Les gens qui détestent l’IA sous-estiment à quel point ils ont l’ha­bi­tude de cher­cher sur Internet et de résoudre des pro­blèmes. Ça ne leur coûte rien d’ou­vrir 10 onglets, 5 sites web, d’é­vo­luer dans 5 inter­faces dif­fé­rentes, de scan­ner des pages, cli­quer des filtres de recherche, cocher des cases d’op­tion, tout ça pour réflé­chir par eux-mêmes à la fin.

Ces per­sonnes savent navi­guer dans un océan de conte­nu. C’est pas le cas de tout le monde. Pour beau­coup de gens, le chat­bot IA four­nit un ser­vice clai­re­ment inté­res­sant. C’est rapide, ça demande un coût cog­ni­tif très bas, ça tolère très bien les erreurs, les demandes répé­tées, et c’est conçu pour tou­jours don­ner un résul­tat et nous lais­ser contents.

Oui, mais c’est faux

Qu’importe si le résul­tat est médiocre ou à moi­tié faux. Le risque n’est pas moindre sur un site web choi­si au hasard ou sur Wikipédia. Les gens sont déjà habi­tués à s’ap­puyer sur des sources faillibles. Iels lisent l’ho­ro­scope, tirent le tarot et font les lignes de la main. Iels écoutent des gens incom­pé­tents inter­ro­ger des men­teurs à la TV et la radio.

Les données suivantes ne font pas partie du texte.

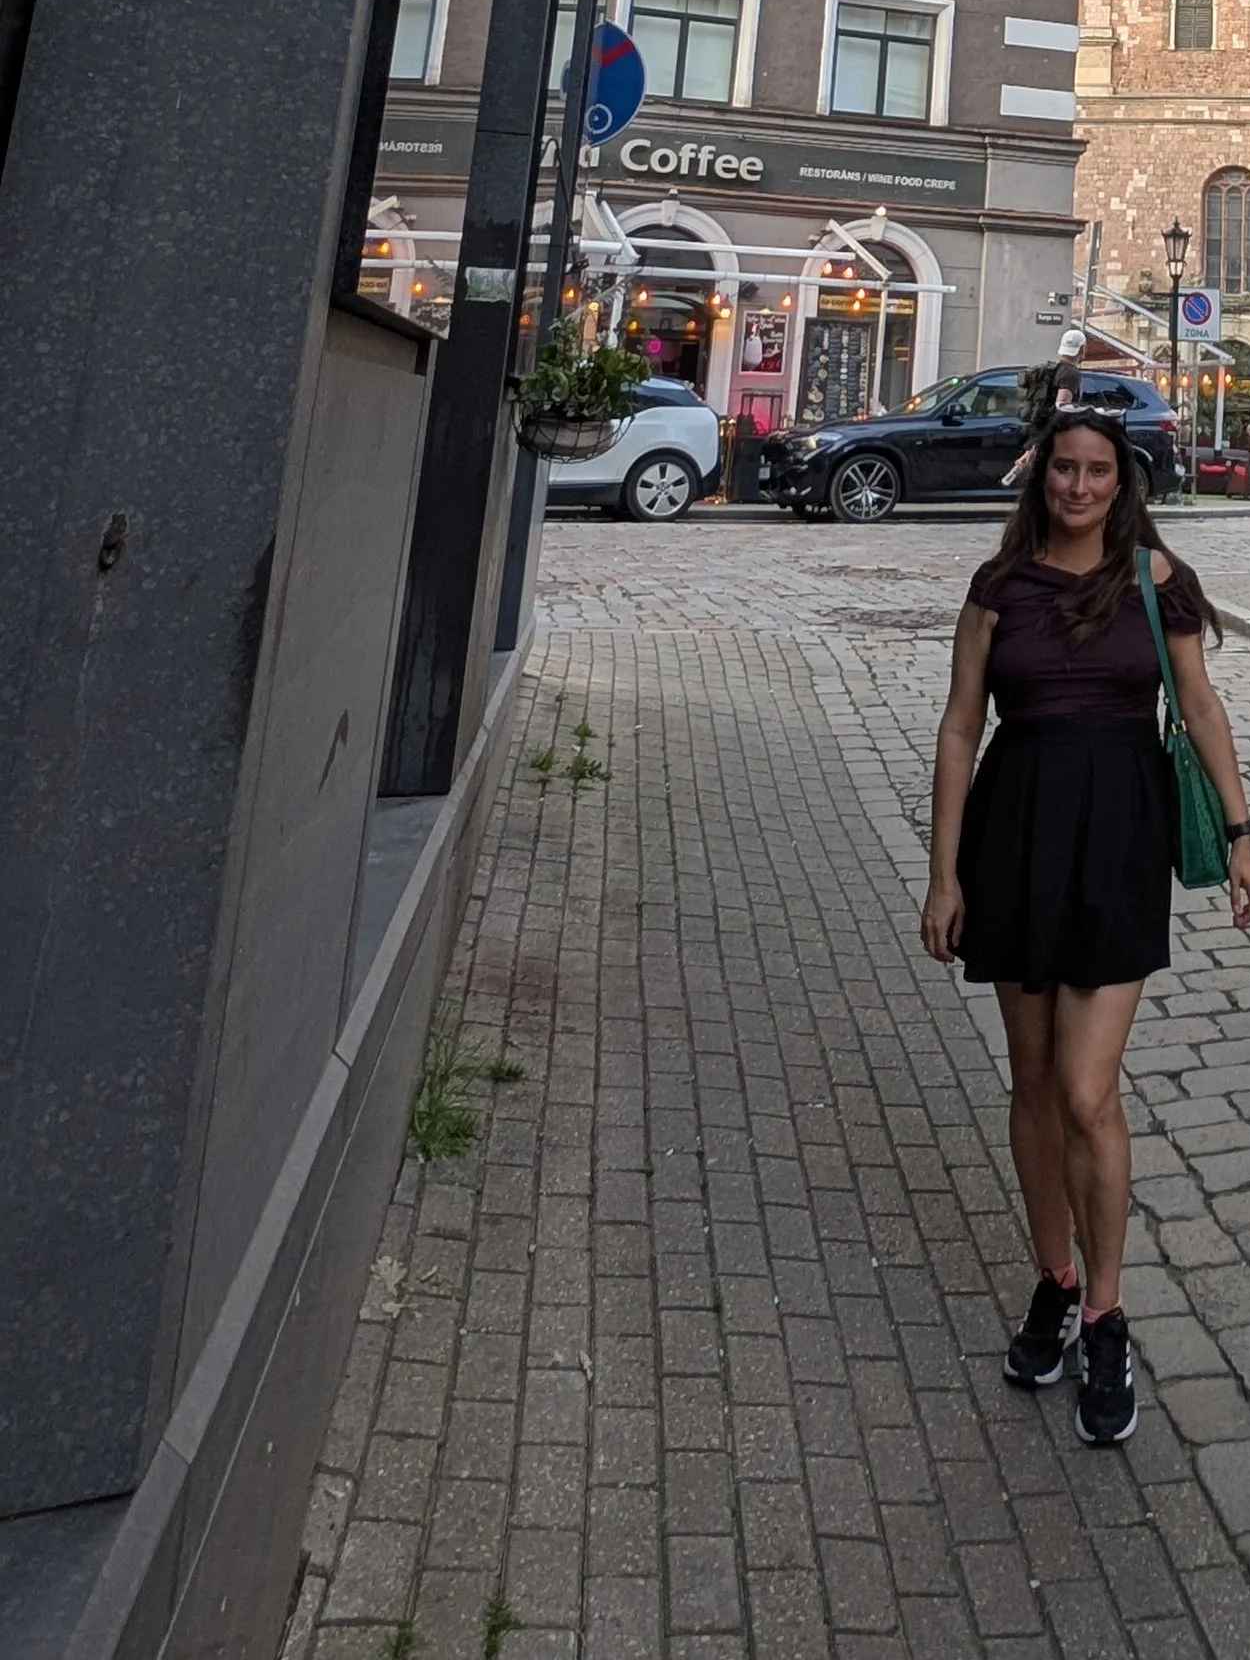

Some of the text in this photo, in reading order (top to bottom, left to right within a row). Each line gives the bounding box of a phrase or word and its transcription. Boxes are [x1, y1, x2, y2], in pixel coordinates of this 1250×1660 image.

Les gens ne demandent pas aux chat­bots IA d’a­voir la fia­bi­li­té d’un⋅e expert⋅e. Iels veulent un truc qui fait l’af­faire et per­met de résoudre leur pro­blème, pas qui soit vrai. Si c’est à moi­tié faux, ça résout déjà 50% du problème.

Bref, j’aime pas les chat­bots, je pense qu’ils ont 200 défauts, mais je com­prends qu’il y a des rai­sons objec­tives de les appré­cier. D’un point de vue théo­rique, c’est une escro­que­rie. Concrètement, ça fait un job suf­fi­sant, pour un coût minime. Et c’est pas moins une escro­que­rie que la démo­cra­tie repré­sen­ta­tive ou la concur­rence libre et non-faussée.